Day 137: RNG and the Non-Whale (hey, hold your tongue!)

The featured image above is a screen cap from WWE Champions, the phone game I used as an example about how Whales with IAPs work. If you remember the story that I shared, it was of a user who spent $7000 to get Ric Flair in game.

That Ric Flair was acquired by paying for card pulls. Each pull has a .05% chance of netting the current 3 star superstar. Right now, it’s Bam Bam Bigelow, who you see above.

In the game, one can earn game “cash” at a slow crawl. For me, it comes in $10 increments from occasional drops and from every now-and-then either buying the $40 a day for 30 days pack (which is $8 a month–what I consider a fair amount to spend on a F2P game because as a person who teaches games I don’t believe in not rewarding the game developers for what I play). So if I’m lucky, once a week or so I can take one pull. One .05% chance.

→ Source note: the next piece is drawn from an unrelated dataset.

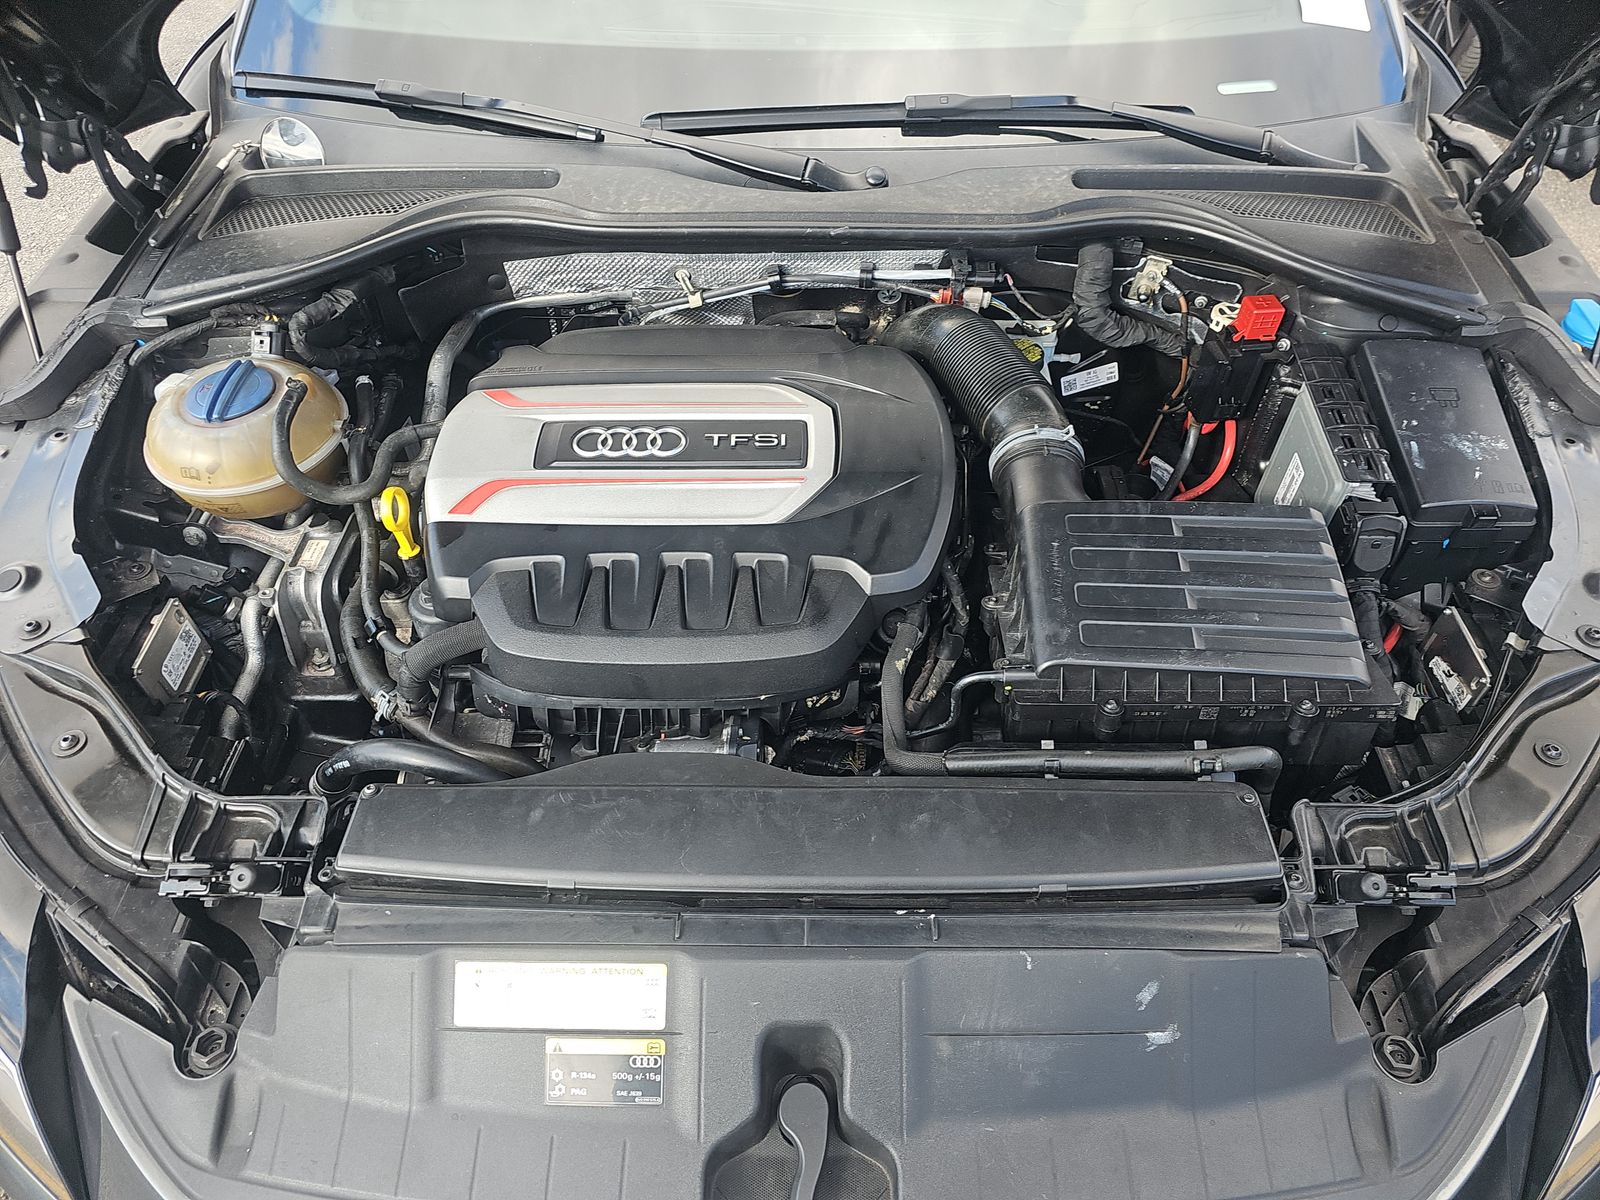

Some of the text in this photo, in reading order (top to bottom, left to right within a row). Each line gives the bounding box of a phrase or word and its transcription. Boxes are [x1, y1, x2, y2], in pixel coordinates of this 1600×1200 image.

[704, 433, 787, 448] TFSI
[591, 968, 644, 976] ATTENTION
[612, 1072, 633, 1081] 500g
[570, 1088, 588, 1096] PAG

This seems impossible, but the screen cap you see proves the reason why RNG works for even the most jaded players. I expected, given the horrible odds, I would never manage to get a 3 star character, but I enjoy the game as part of my daily “eh, I need to do some gaming” routine (I like match 3s, I like WWE, so it makes sense). The fact that I managed to pull Bam Bam today proves the marketing genius of this design, though.

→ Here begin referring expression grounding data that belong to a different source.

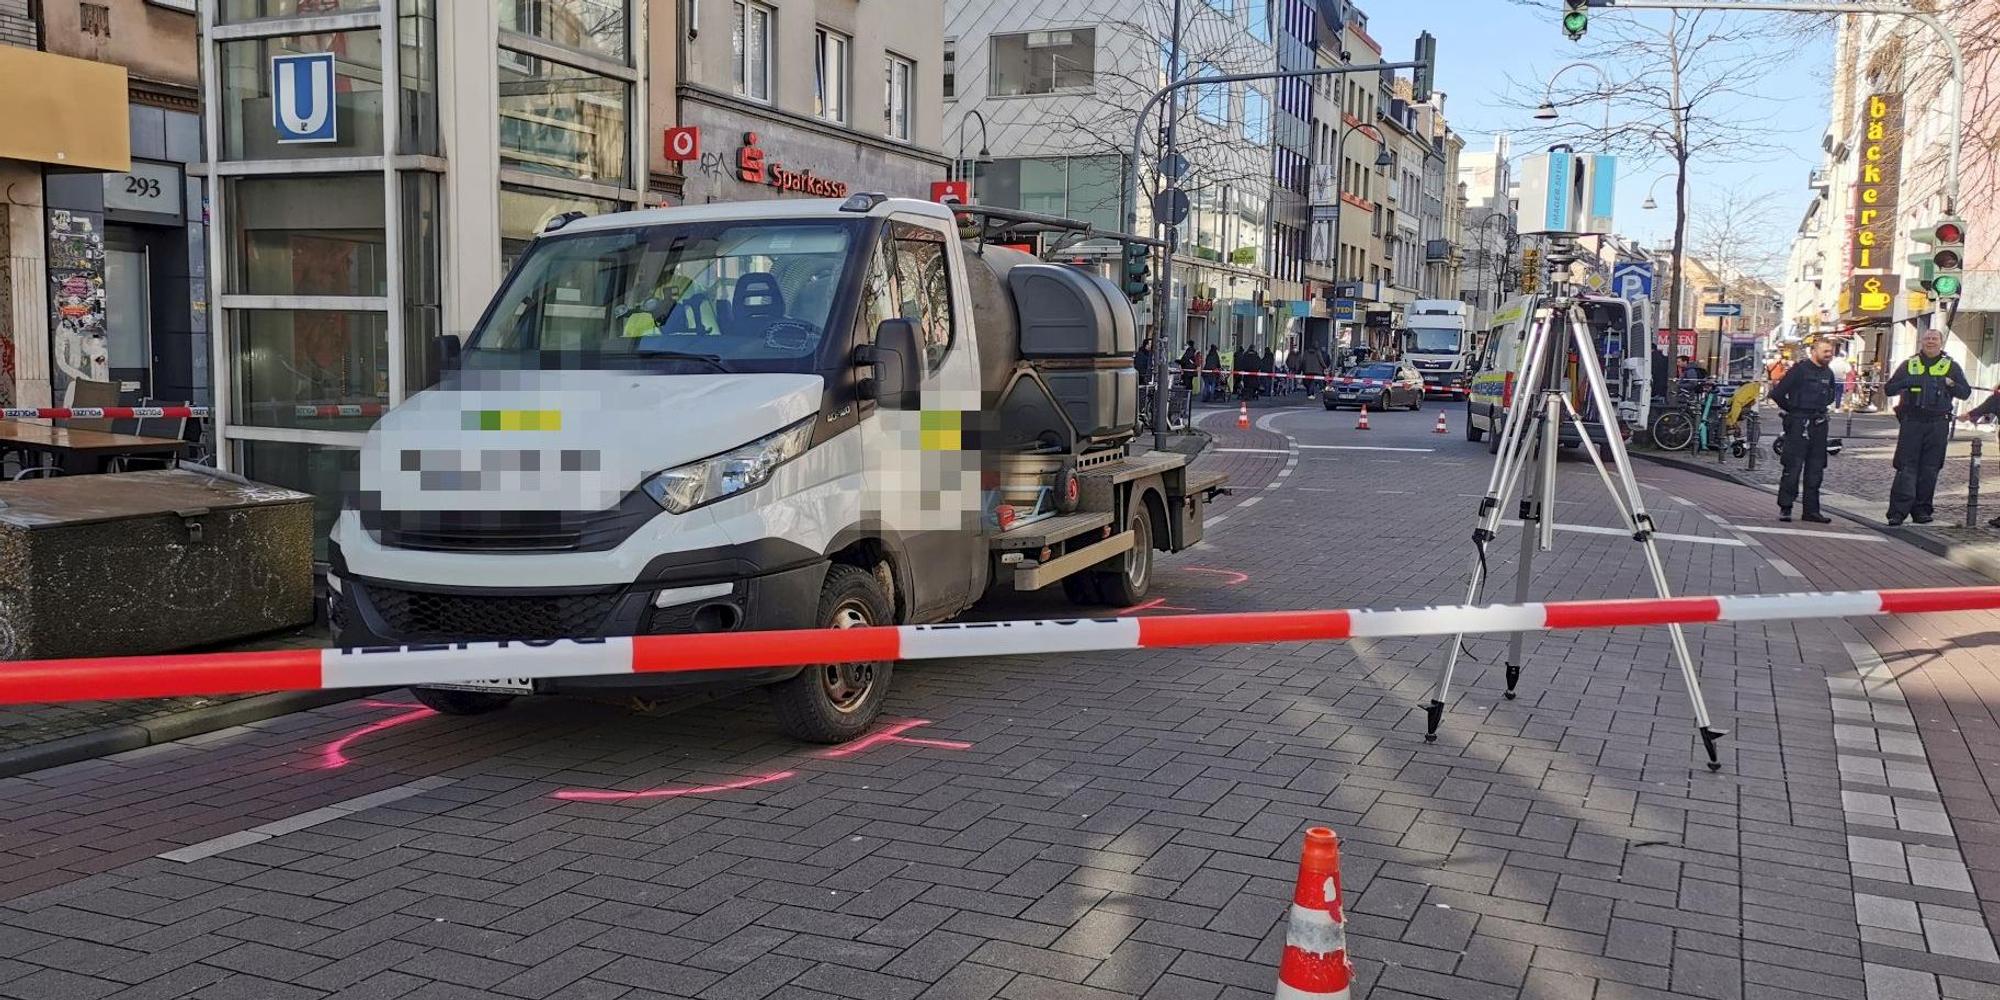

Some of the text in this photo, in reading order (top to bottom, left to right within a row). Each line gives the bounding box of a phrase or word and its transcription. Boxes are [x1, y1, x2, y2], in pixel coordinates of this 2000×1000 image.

[280, 62, 328, 134] U
[125, 176, 161, 198] 293
[769, 163, 848, 198] Sparkasse
[1859, 96, 1886, 267] bäckerei
[1621, 275, 1643, 300] P

*I* got him without doing what most people do to get a premium star. And that will keep me happy, and keep me playing. but it will also remind the people in my in-game social network (I’m in a guild there– I know, weird, right?) that while the odds are forever not in your favor, it is still possible to get the premium items without being a whale. This means that you CAN reach an elite level without paying to win, though it’s going to take me for-freaking-ever to level him up.

And that model, while sort of insidious, is rock solid for marketing a game. I might now spend a little more money than I would have because I have an elite character and should make good use of him. I also get to feel special because I’m one of the lucky people who beats the terrible odds without brute-force (which is how a whale would obtain the same character).

It might be smarter still as a designer to tilt the percentages so that a person who plays for a while, like me, gets a higher percentage chance of a quality reward. I would even hypothesize that exactly that happened here, except I know people who have disassembled the code for this game, and they know the odds and monitor when those could change.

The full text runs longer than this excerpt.